Quelle était la particularité de ce mouvement par rapport à ce qui se passait en Occident ? Il s’agissait des revendications libérales ; on parlait du respect de la loi, du droit à la parole, de la liberté de réunion, de l’abolition de la censure, etc. On assistait, en solidarité avec ceux qui étaient arrêtés, à la formulation avant la lettre de l’idéologie des mouvements dissidents des années 1970 et 1980 dans les pays postcommunistes. Pour la première fois, on utilisait un langage antipolitique, ni idéologique, ni religieux, ni un langage dissident se référant à Marx et Gramsci mais aux valeurs universelles des droits de l’homme. La Constitution était le document fondamental pour revendiquer des droits en Pologne. Je n’ai pas besoin de souligner combien cela était éloigné des mouvements qu’ont connus l’Allemagne, la France, l’Italie. Ces mouvements, dans une large mesure antisoviétiques et libertaires, restaient prisonniers d’un langage qui, vu de Pologne, était un langage de bourreaux, de ceux qui gouvernaient et supprimaient la liberté. Donc la possibilité de communication à l’époque était extrêmement réduite.

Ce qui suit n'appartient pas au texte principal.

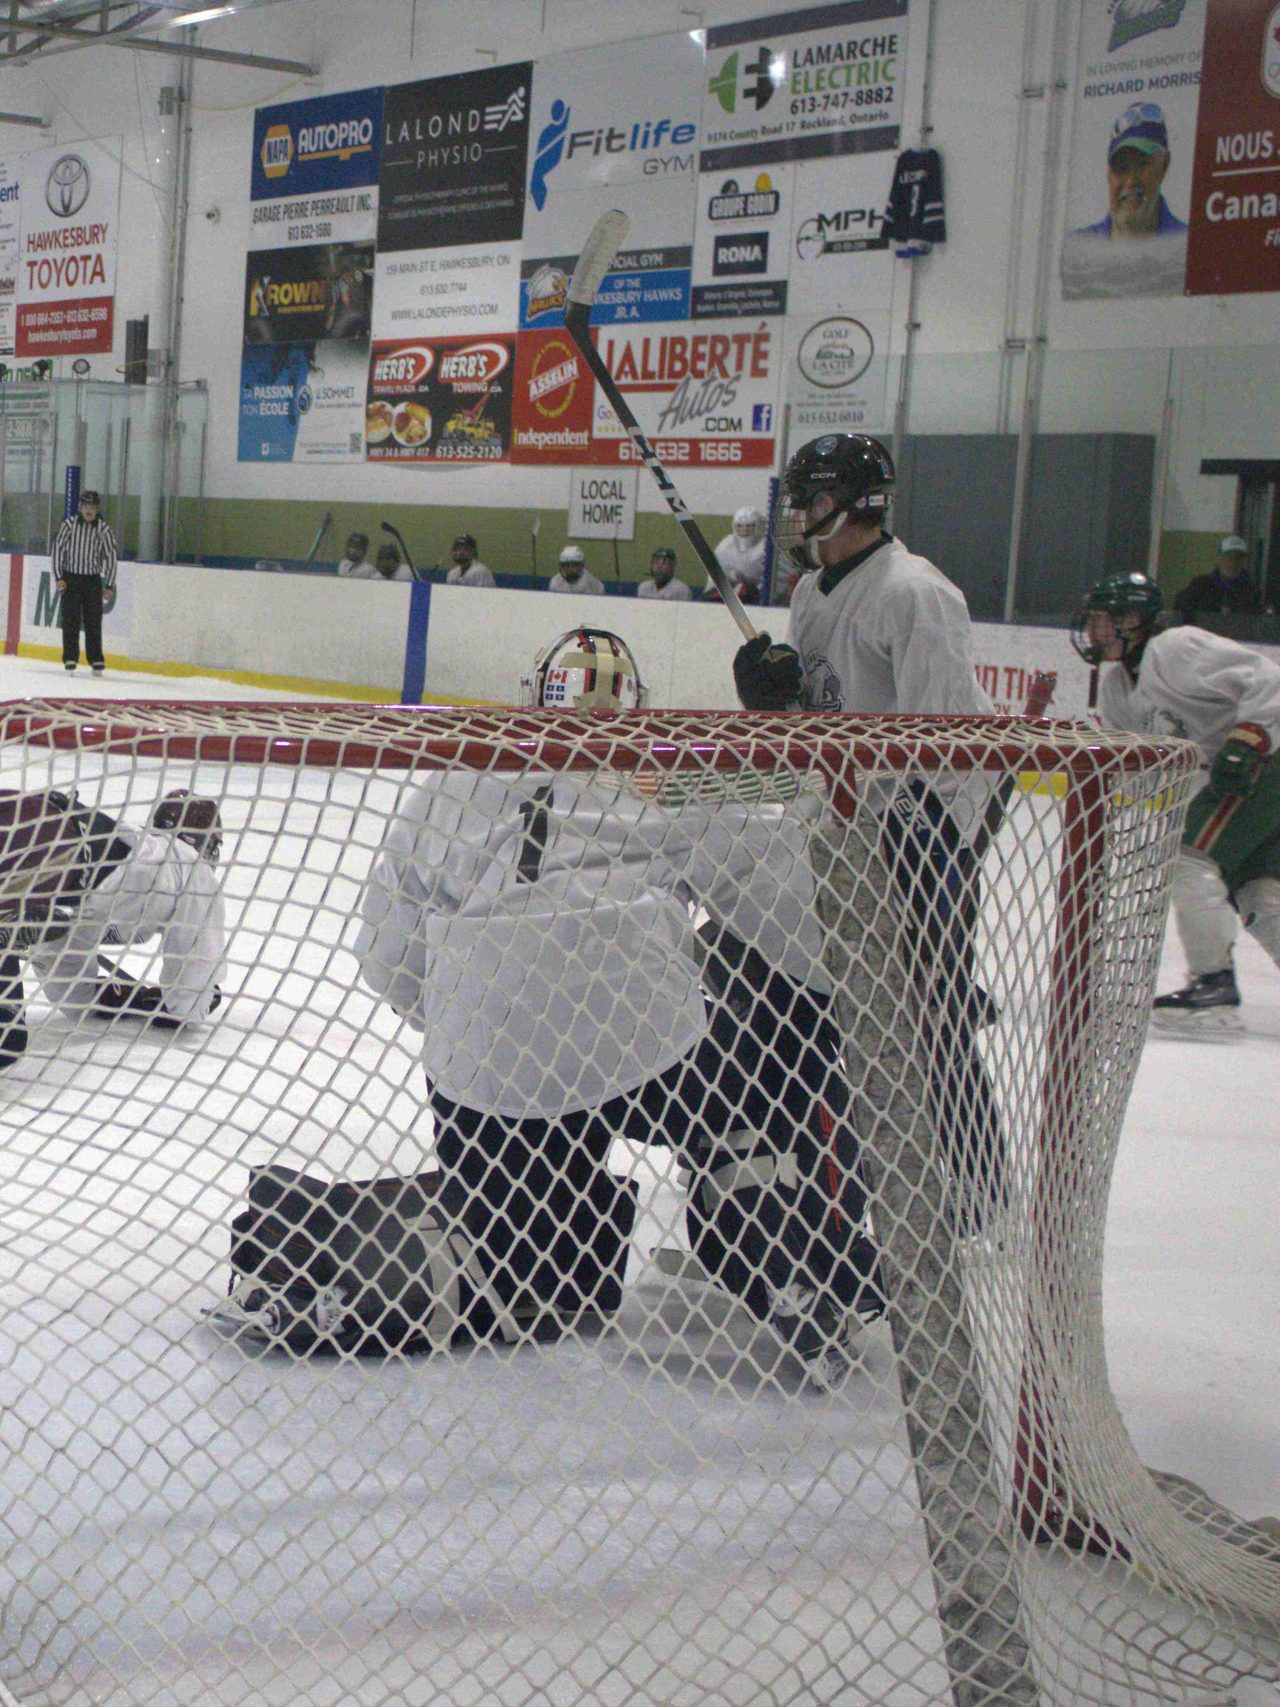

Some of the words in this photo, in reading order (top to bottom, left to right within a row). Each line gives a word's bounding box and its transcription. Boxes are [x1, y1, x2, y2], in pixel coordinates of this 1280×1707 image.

[793, 35, 898, 68] LAMARCHE
[791, 58, 896, 95] ELECTRIC
[1084, 79, 1144, 98] RICHARD
[1148, 71, 1201, 91] MORRIS
[790, 86, 894, 115] 613-747-8882
[760, 122, 783, 136] Road
[849, 110, 889, 124] Ontario
[298, 118, 373, 153] AUTOPRO
[567, 119, 696, 159] Fitlife
[266, 138, 289, 165] NAPA
[417, 143, 482, 169] PHYSIO
[1216, 131, 1273, 163] NOUS
[643, 154, 694, 175] GYM
[253, 203, 282, 224] GARAGE
[283, 201, 309, 220] PIERRE
[310, 195, 355, 217] PERREAULT
[27, 223, 108, 252] HAWKESBURY
[288, 223, 299, 241] 613
[399, 263, 417, 274] MAIN
[419, 261, 429, 272] ST
[497, 255, 510, 265] ON
[640, 252, 663, 266] GYM
[717, 244, 762, 264] RONA
[27, 253, 105, 290] TOYOTA
[626, 278, 641, 288] THE
[644, 288, 683, 302] HAWKS
[28, 328, 97, 343] hawkesburytoyota.com
[822, 328, 850, 339] GOLF
[375, 357, 416, 380] HERB'S
[441, 353, 488, 379] HERB'S
[374, 385, 394, 393] TRAVEL
[395, 384, 416, 392] PLAZA
[453, 382, 488, 393] TOWING
[529, 358, 579, 399] ASSELIN
[254, 386, 294, 399] PASSION
[323, 386, 355, 399] SOMMET
[260, 400, 290, 415] ÉCOLE
[658, 374, 741, 433] Autos
[436, 446, 502, 458] 613-525-2120
[700, 442, 742, 460] 1666
[581, 480, 626, 500] LOCAL
[583, 504, 623, 524] HOME

Aujourd’hui, on célèbre en grande pompe ces événements vieux de quarante ans, de manière très officielle. Pourquoi ? C’est un mouvement qui a été brisé. Cependant une partie des dissidents des années 1970 et de la classe politique d’après-1989 a été formée par les événements de 1968. Il s’agit d’ailleurs non seulement de gens de gauche ou de libéraux, mais aussi de gens de droite ou d’extrême droite. En outre, la Pologne, comme d’autres pays de la région, se tourne vers le passé par peur de la transition. Avec l’entrée dans l’Union européenne, on ressent une énorme fatigue de la transition qui se manifeste, entre autres, par le développement des mouvements populistes. On évoque donc la grande histoire de la Pologne : l’anniversaire de la révolte de Varsovie en 1944 était vraiment un événement national, de même que le 25e anniversaire du syndicat Solidarité. Dans la protestation de mars 68, il y a quelque chose de pur qu’on ne peut pas résumer à une lutte de pouvoir. Le langage est compréhensible, c’est un langage élémentaire des droits de l’homme qui n’a pas été contaminé par celui des officiels.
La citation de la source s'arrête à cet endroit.